I don't think it's sloppy or lazy.
But let me let someone much smarter than me make the case. I like
the way Paul Graham puts it. There's good waste and there is bad
waste.
This is from his essay, "The Hundred Year Language." Graham is
talking about designing programming languages, but even if you're
not much of a programmer it's worth reading.
http://www.paulgraham.com/hundred.html
As technologies improve, each generation can do things that the
previous generation would have considered wasteful. People thirty
years ago would be astonished at how casually we make long
distance phone calls. People a hundred years ago would be even
more astonished that a package would one day travel from Boston to
New York via Memphis.
I can already tell you what's going to happen to all those extra
cycles that faster hardware is going to give us in the next
hundred years. They're nearly all going to be wasted.

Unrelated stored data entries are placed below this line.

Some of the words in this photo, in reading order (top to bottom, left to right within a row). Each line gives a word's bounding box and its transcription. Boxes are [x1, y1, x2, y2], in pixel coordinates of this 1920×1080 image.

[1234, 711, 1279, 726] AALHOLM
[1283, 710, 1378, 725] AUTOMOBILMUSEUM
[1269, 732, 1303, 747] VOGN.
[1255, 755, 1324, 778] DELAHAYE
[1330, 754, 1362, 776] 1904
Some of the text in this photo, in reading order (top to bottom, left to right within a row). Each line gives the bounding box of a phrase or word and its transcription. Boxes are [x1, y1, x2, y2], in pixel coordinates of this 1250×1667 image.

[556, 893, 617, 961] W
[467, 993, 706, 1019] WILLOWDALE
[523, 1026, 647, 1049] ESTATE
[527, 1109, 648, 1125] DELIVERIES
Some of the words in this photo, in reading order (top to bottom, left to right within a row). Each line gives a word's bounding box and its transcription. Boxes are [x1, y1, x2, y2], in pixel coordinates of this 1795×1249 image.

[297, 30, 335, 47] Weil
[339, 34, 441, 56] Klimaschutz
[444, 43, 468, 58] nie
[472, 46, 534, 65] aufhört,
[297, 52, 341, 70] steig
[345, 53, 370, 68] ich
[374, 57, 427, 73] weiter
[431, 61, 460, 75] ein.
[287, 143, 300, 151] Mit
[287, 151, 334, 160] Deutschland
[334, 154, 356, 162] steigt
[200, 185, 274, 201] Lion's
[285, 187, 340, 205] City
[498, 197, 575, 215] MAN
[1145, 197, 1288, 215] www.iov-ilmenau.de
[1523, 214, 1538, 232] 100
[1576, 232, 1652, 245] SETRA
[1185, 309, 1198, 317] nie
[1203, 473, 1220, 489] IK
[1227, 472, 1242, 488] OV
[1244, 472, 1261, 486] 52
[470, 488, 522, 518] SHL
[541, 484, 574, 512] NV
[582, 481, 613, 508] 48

I learned to program when computer power was scarce. I can
remember taking all the spaces out of my Basic programs so they
would fit into the memory of a 4K TRS-80. The thought of all this
stupendously inefficient software burning up cycles doing the same
thing over and over seems kind of gross to me. But I think my
intuitions here are wrong. I'm like someone who grew up poor, and
can't bear to spend money even for something important, like going
to the doctor.
Some kinds of waste really are disgusting. SUVs, for example,
would arguably be gross even if they ran on a fuel which would
never run out and generated no pollution. SUVs are gross because
they're the solution to a gross problem. (How to make minivans
look more masculine.) But not all waste is bad. Now that we have
the infrastructure to support it, counting the minutes of your
long-distance calls starts to seem niggling. If you have the
resources, it's more elegant to think of all phone calls as one
kind of thing, no matter where the other person is.
There's good waste, and bad waste. I'm interested in good waste--
the kind where, by spending more, we can get simpler designs. How
will we take advantage of the opportunities to waste cycles that
we'll get from new, faster hardware?
I think the good/bad waste idea is quite relevant to IA.